*What is being asked:*
Please reproduce the listing in its entirety, exactly as written, but without images.

*Provided records:*

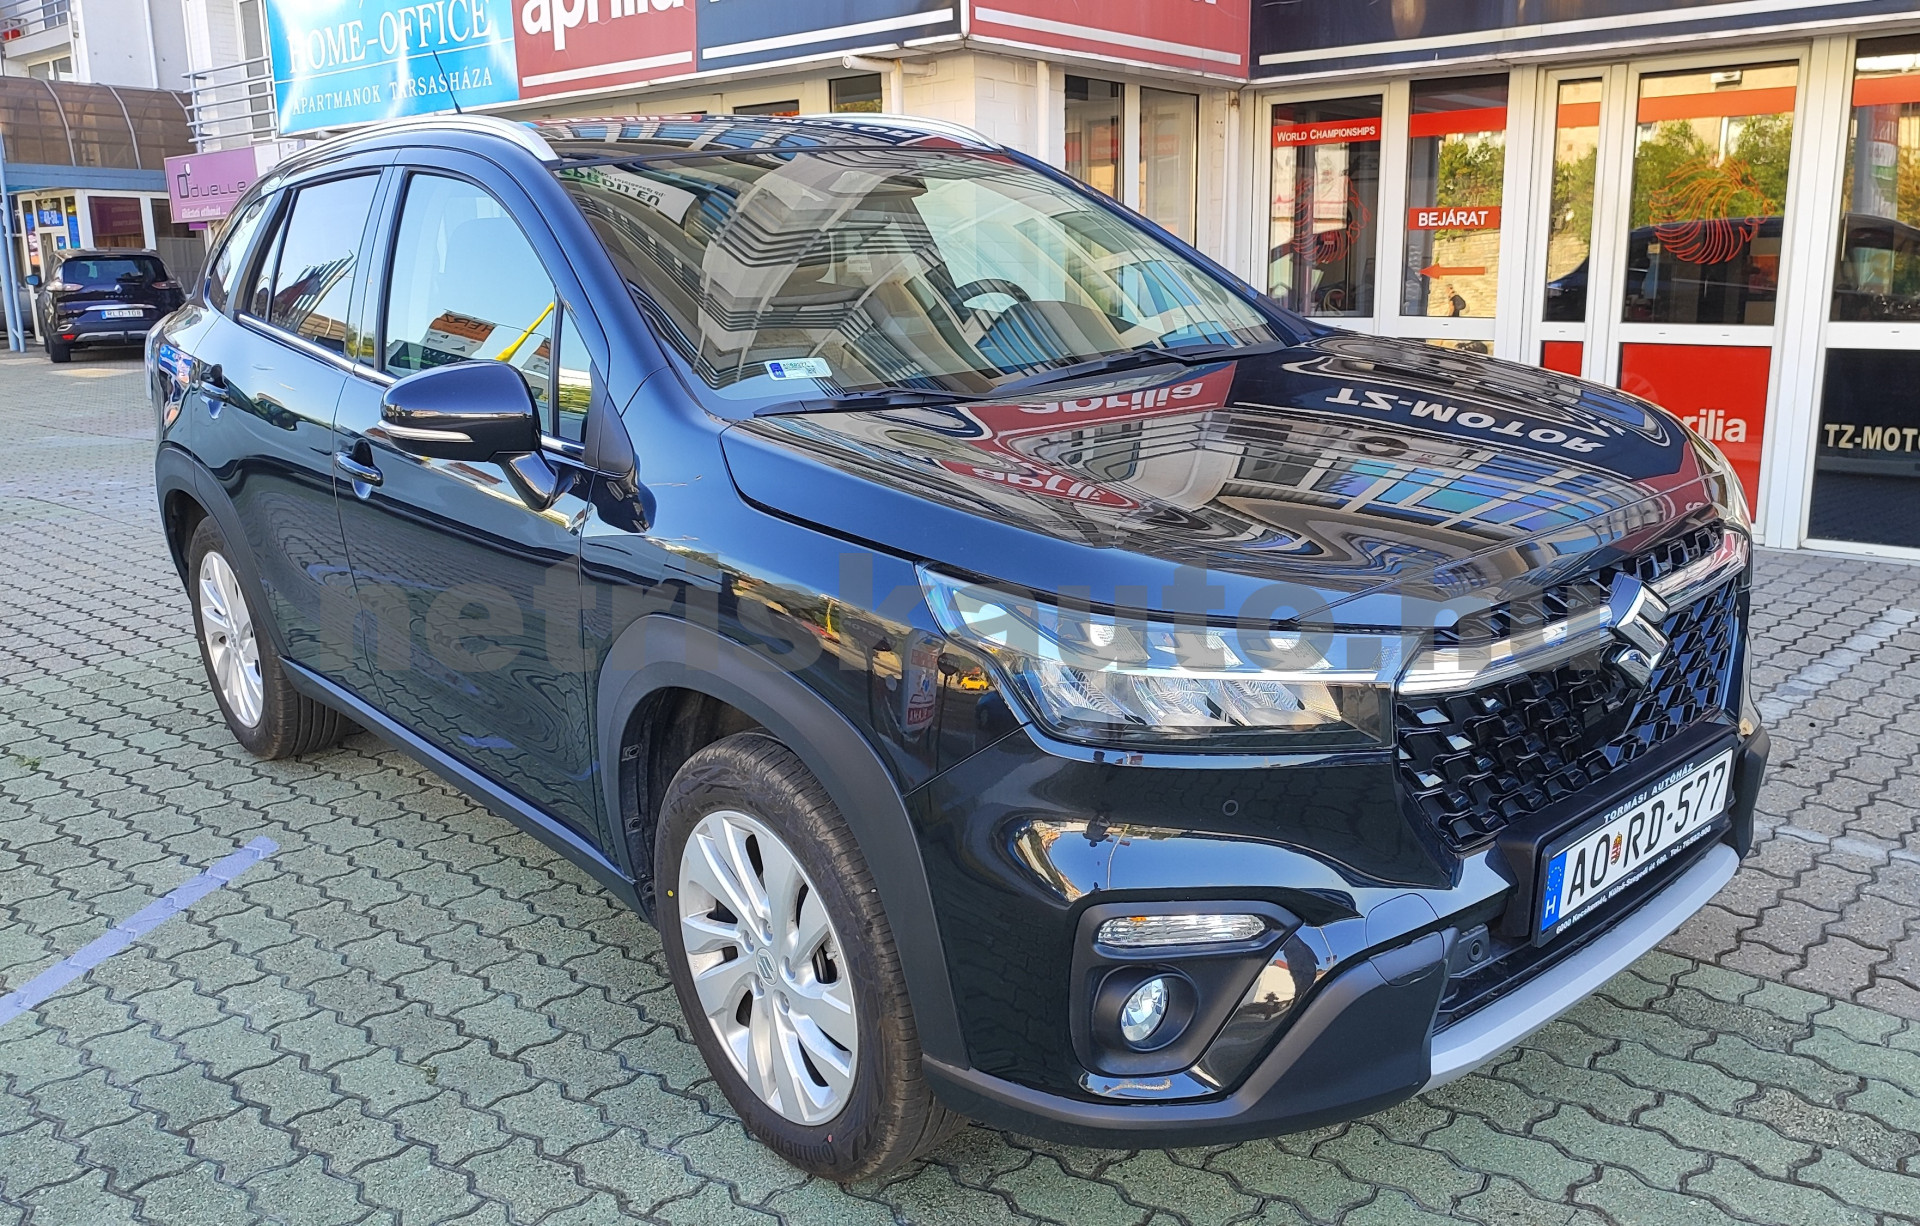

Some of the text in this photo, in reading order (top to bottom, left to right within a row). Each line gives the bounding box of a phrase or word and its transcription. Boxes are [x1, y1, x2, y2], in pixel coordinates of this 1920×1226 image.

[287, 0, 492, 74] HOME-OFFICE
[292, 84, 381, 115] APARTMANOK
[1418, 206, 1489, 227] BEJÁRAT
[1824, 423, 1920, 453] TZ-MOT
[1604, 762, 1694, 823] TORMÁSI AUTÓHÁZ
[1567, 759, 1726, 906] AO RD-577
[1544, 895, 1557, 919] H

*Completed task:*
Some of the text in this photo, in reading order (top to bottom, left to right within a row). Each line gives the bounding box of a phrase or word and its transcription. Boxes are [x1, y1, x2, y2], in pixel coordinates of this 1920×1226 image.

[287, 0, 492, 74] HOME-OFFICE
[292, 84, 381, 115] APARTMANOK
[1418, 206, 1489, 227] BEJÁRAT
[1824, 423, 1920, 453] TZ-MOT
[1604, 762, 1694, 823] TORMÁSI AUTÓHÁZ
[1567, 759, 1726, 906] AO RD-577
[1544, 895, 1557, 919] H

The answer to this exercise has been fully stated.